## YOUR OBJECTIVE
Omit the pictures, please, and give each record below again exactly.
*** Block opens ***
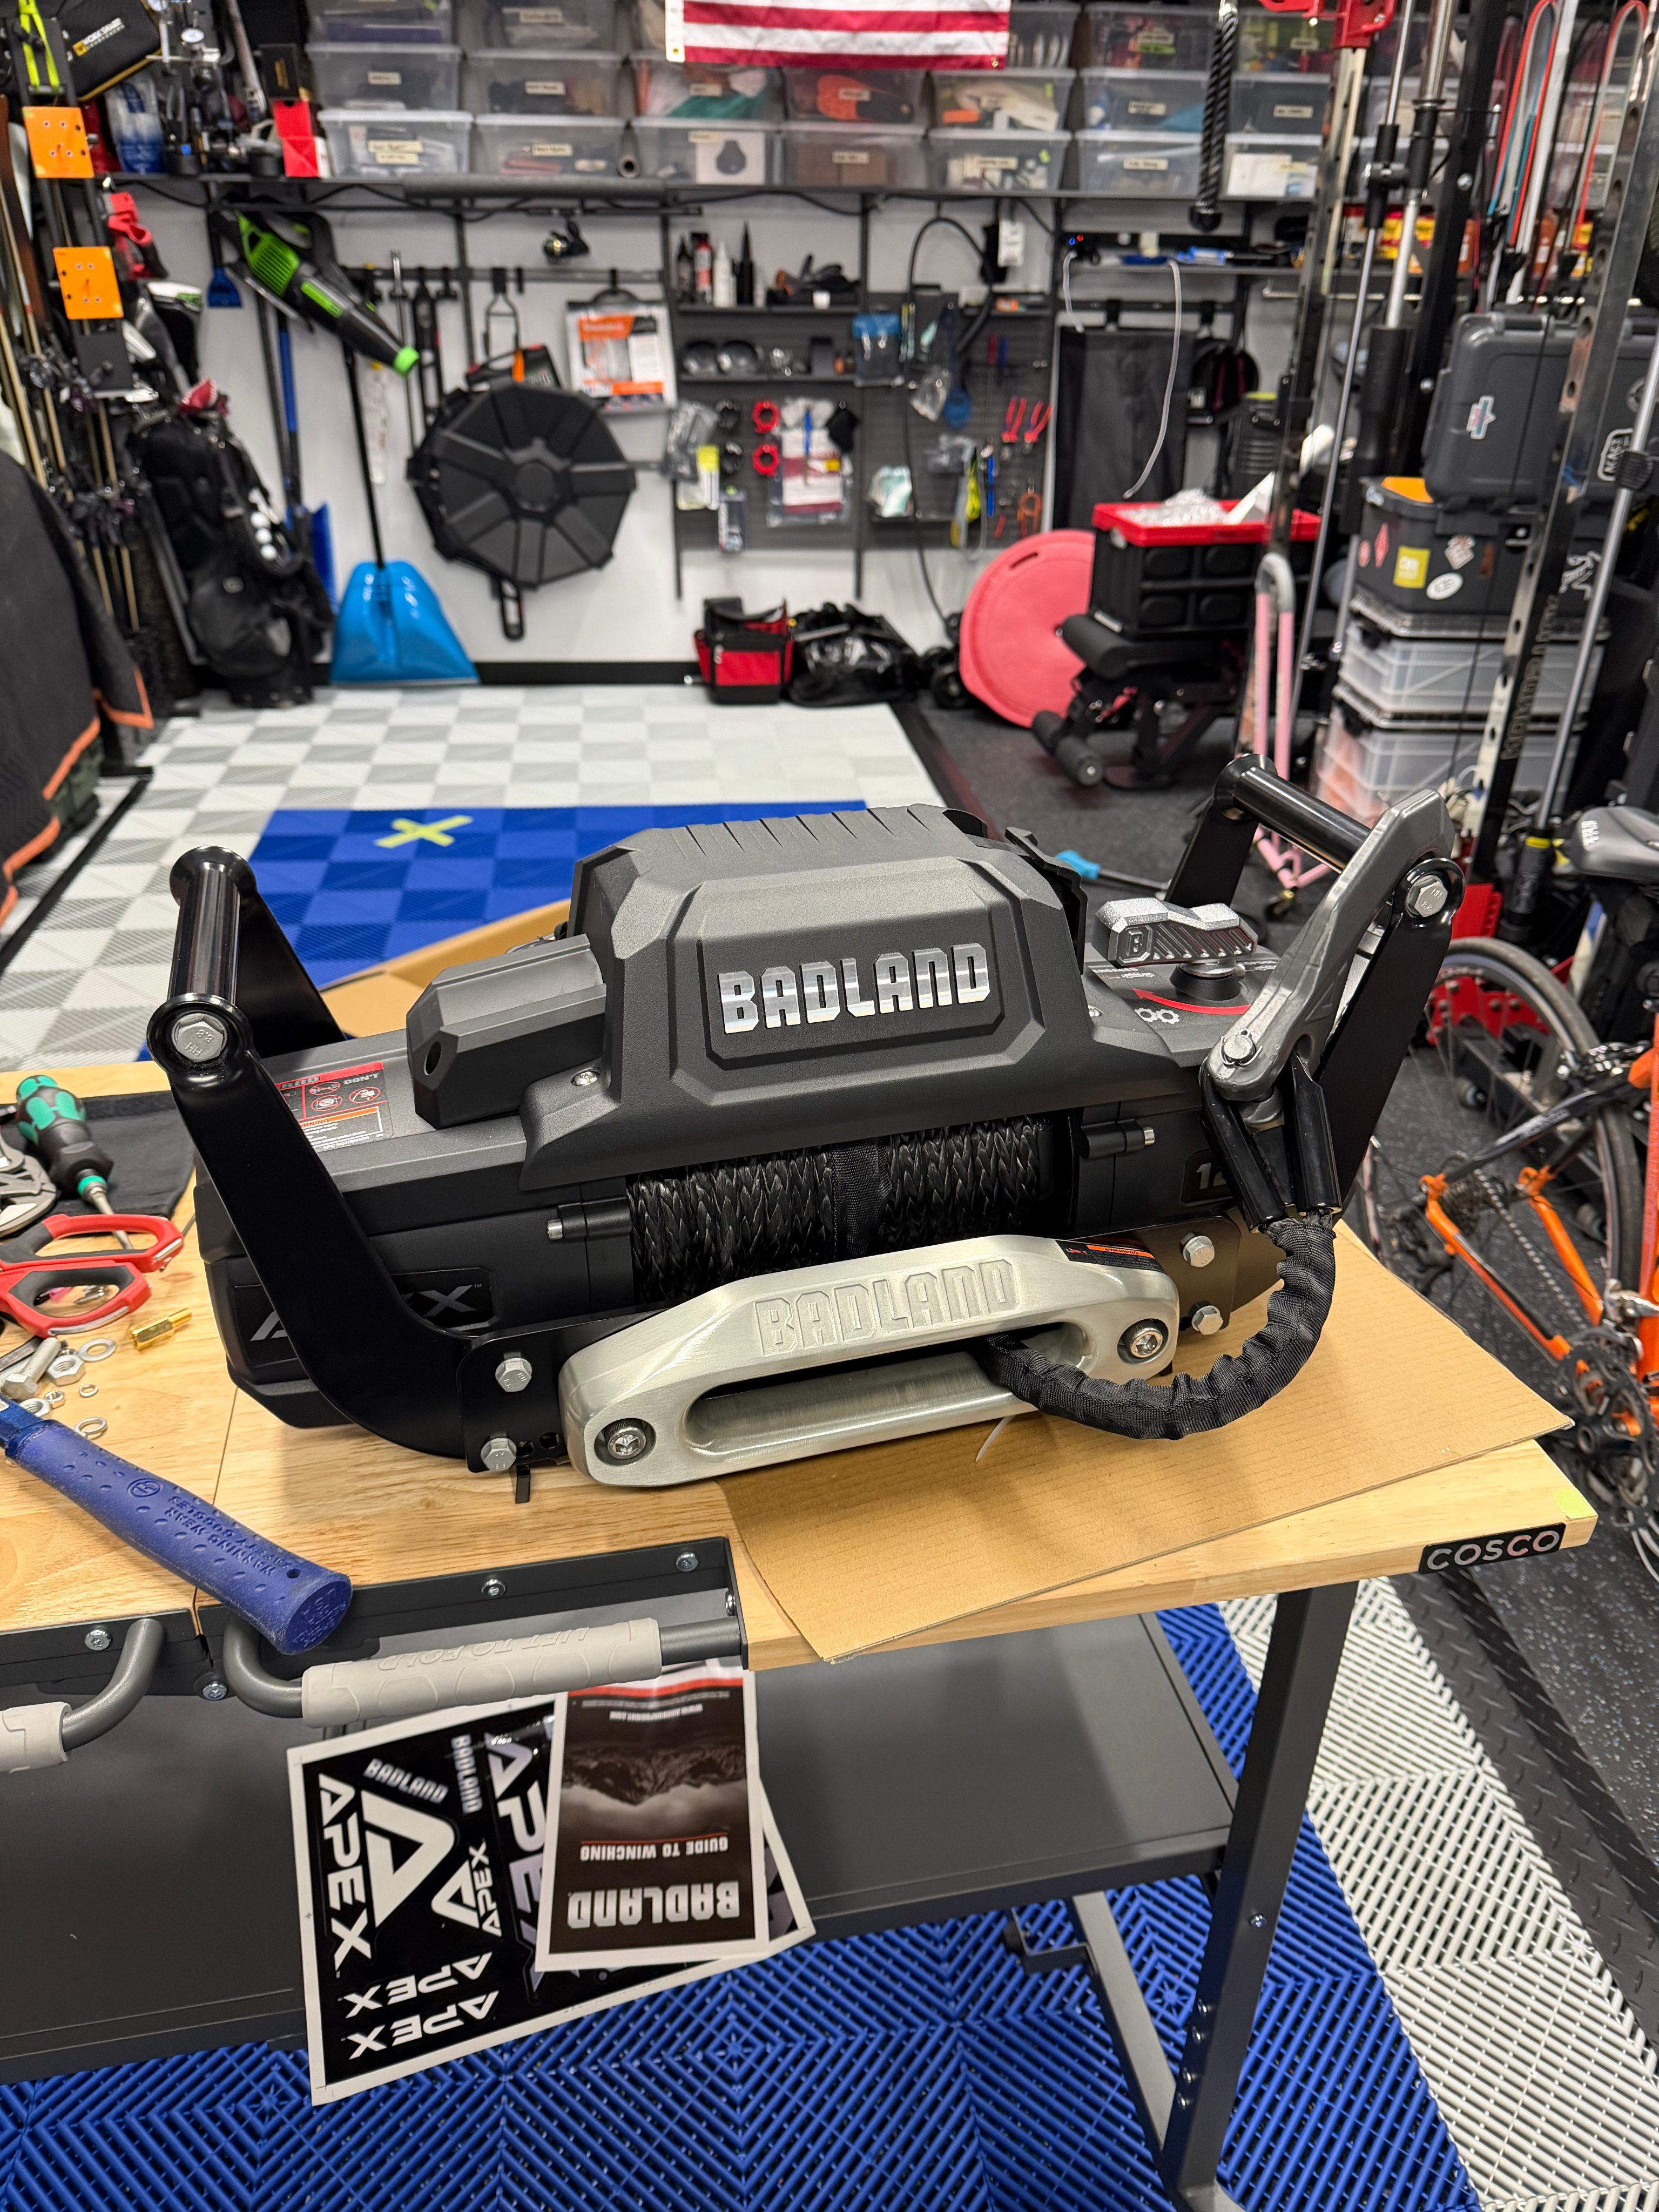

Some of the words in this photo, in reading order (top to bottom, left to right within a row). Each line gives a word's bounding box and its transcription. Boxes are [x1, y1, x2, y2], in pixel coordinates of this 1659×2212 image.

[719, 943, 990, 1034] BADLAND
[197, 1029, 213, 1042] 8.8
[343, 1073, 379, 1085] DON'T
[754, 1260, 1019, 1357] BADLAND
[168, 1496, 235, 1537] GOGGLES
[1427, 1530, 1560, 1570] COSCO
[378, 1645, 466, 1670] FOLD
[471, 1638, 512, 1656] TO
[522, 1627, 590, 1649] LIFT
[363, 1758, 449, 1804] BADLAND
[451, 1734, 483, 1815] BADLAND
[580, 1844, 656, 1862] WINCHING
[662, 1842, 680, 1858] TO
[686, 1836, 729, 1856] GUIDE
[319, 1773, 372, 1971] APEX
[469, 1842, 502, 1937] APEX
[567, 1880, 740, 1929] BADLAND
[343, 1951, 493, 2019] APEX
[346, 1990, 499, 2060] APEX
*** Block closes ***
## RESPONSE BOX
Some of the words in this photo, in reading order (top to bottom, left to right within a row). Each line gives a word's bounding box and its transcription. Boxes are [x1, y1, x2, y2], in pixel coordinates of this 1659×2212 image.

[719, 943, 990, 1034] BADLAND
[197, 1029, 213, 1042] 8.8
[343, 1073, 379, 1085] DON'T
[754, 1260, 1019, 1357] BADLAND
[168, 1496, 235, 1537] GOGGLES
[1427, 1530, 1560, 1570] COSCO
[378, 1645, 466, 1670] FOLD
[471, 1638, 512, 1656] TO
[522, 1627, 590, 1649] LIFT
[363, 1758, 449, 1804] BADLAND
[451, 1734, 483, 1815] BADLAND
[580, 1844, 656, 1862] WINCHING
[662, 1842, 680, 1858] TO
[686, 1836, 729, 1856] GUIDE
[319, 1773, 372, 1971] APEX
[469, 1842, 502, 1937] APEX
[567, 1880, 740, 1929] BADLAND
[343, 1951, 493, 2019] APEX
[346, 1990, 499, 2060] APEX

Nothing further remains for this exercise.